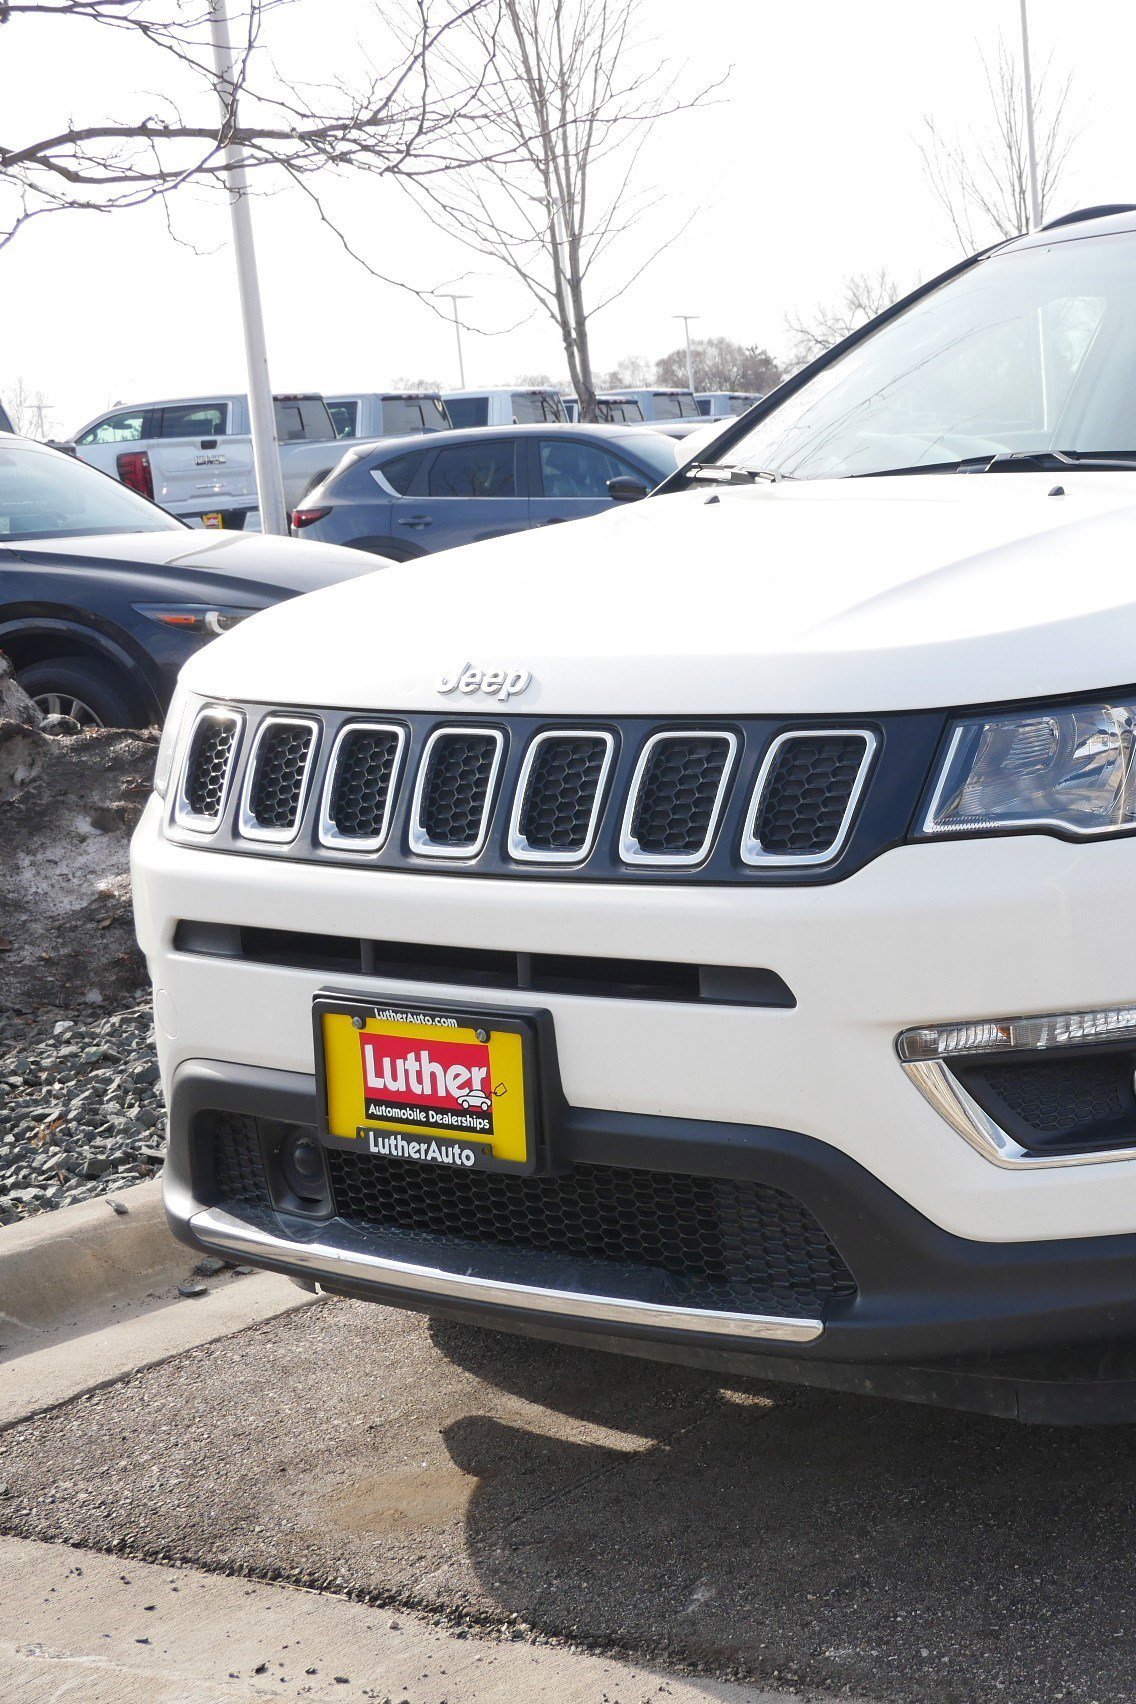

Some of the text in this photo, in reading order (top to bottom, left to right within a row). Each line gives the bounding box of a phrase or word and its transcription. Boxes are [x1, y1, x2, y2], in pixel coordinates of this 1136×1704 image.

[436, 662, 533, 702] Jeep
[374, 1008, 458, 1027] LutherAuto.com
[364, 1044, 487, 1099] Luther
[368, 1103, 490, 1131] Automobile Dealerships
[369, 1131, 475, 1167] LutherAuto

***

=== Action item ===
A faithful, word-for-word copy of the records above, pictures left out, is the answer.

=== Output for this task ===
Some of the text in this photo, in reading order (top to bottom, left to right within a row). Each line gives the bounding box of a phrase or word and its transcription. Boxes are [x1, y1, x2, y2], in pixel coordinates of this 1136×1704 image.

[436, 662, 533, 702] Jeep
[374, 1008, 458, 1027] LutherAuto.com
[364, 1044, 487, 1099] Luther
[368, 1103, 490, 1131] Automobile Dealerships
[369, 1131, 475, 1167] LutherAuto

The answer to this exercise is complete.